Optionally, the computer device may also include a user interface, a network interface, a camera, a radio frequency (Radio Frequency, RF) circuit, a sensor, an audio circuit, a WI-FI module, etc. The user interface may include a display screen (Display), an input unit such as a keyboard (Keyboard), etc. The optional user interface may also include a USB interface, a card reader interface, etc. Optional network interfaces may include standard wired interfaces, wireless interfaces (such as Bluetooth interfaces, WI-FI interfaces), etc.

Those skilled in the art can understand that the structure of a computer device provided in this embodiment does not constitute a limitation on the computer device, and may include more or less components, or combine certain components, or arrange different components.

The storage medium may also include an operating system and a network communication module. An operating system is a program that manages and saves the hardware and software resources of a computer device and supports the operation of information processing programs and other software and/or programs. The network communication module is used to implement communication between components within the storage medium, as well as communication with other hardware and software in the physical device.

Through the above description of the embodiments, those skilled in the art can clearly understand that the present application can be implemented by means of software plus a necessary general hardware platform, or can also be implemented by hardware. First, a training sample set can be obtained. The training sample set can include multiple training samples, and each training sample can include a sample picture and a sample text. In addition, the sample text can also include a real label indicating the relationship to the sample image. For each training sample in the training sample set, the sample image in the training sample can be converted to obtain the initial image vector corresponding to the sample image. Then, the initial picture vector can be input into the initial picture expert module in the preset picture text model, and then the first target vector can be output.
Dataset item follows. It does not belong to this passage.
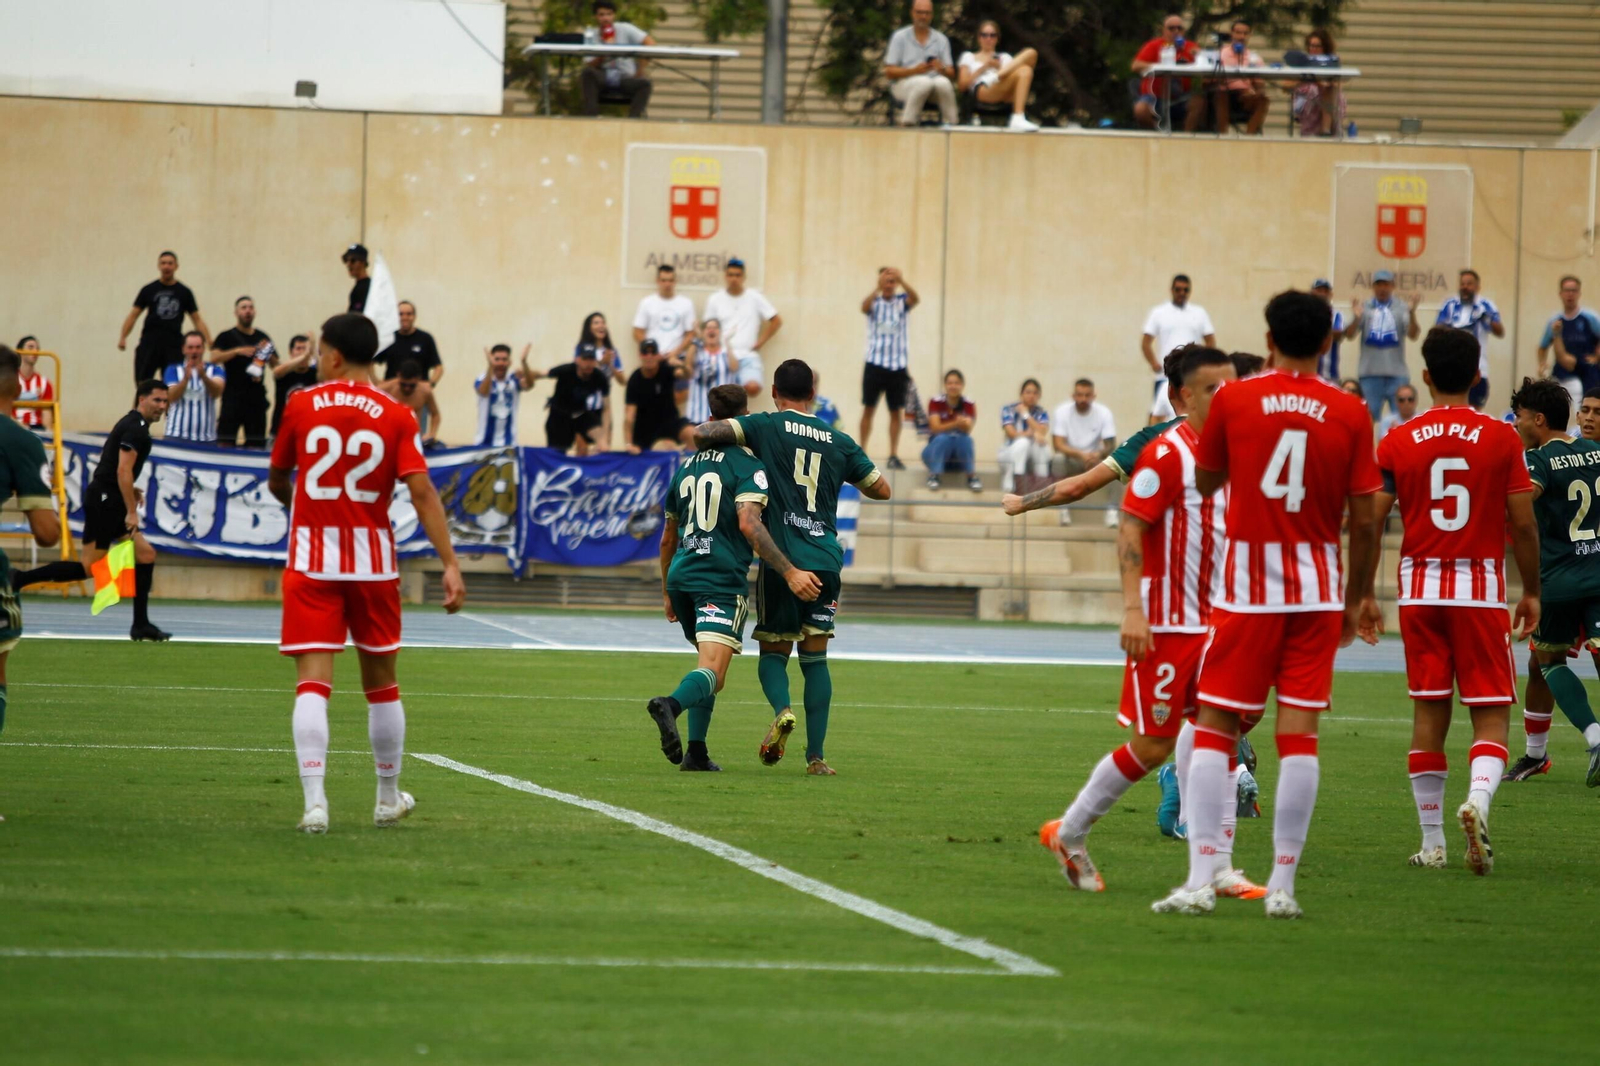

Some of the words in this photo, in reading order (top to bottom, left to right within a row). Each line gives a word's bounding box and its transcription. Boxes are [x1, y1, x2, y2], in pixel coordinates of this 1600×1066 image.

In addition, the initial text vector of the sample text corresponding to the sample picture in the training sample can also be determined. Then, the initial text vector can be input into the initial text expert module in the preset image text model, and then the second target vector can be output. After obtaining the first target vector corresponding to the sample picture and the second target vector corresponding to the sample text, the picture text target vector can be further determined based on the first target vector and the second target vector. Then the image text target vector can be used as input to the initial image text expert module of the preset image text model, and the output of the initial image text expert module is passed through the fully connected layer to output the first prediction between the sample image and the sample text. Score. After obtaining the first prediction score, the model loss value of the preset image text model can be determined based on the first prediction score and the real label of each training sample, and based on the model loss value, the preset image text model After training, a multi-expert graphic and text model based on picture experts, text experts and picture and text experts can be obtained. The embodiments of the present application can enable the initial picture expert module, the initial text expert module and the initial picture text expert module to realize joint training, which can save the training and maintenance costs of the model and effectively reduce the occupation of computer resources.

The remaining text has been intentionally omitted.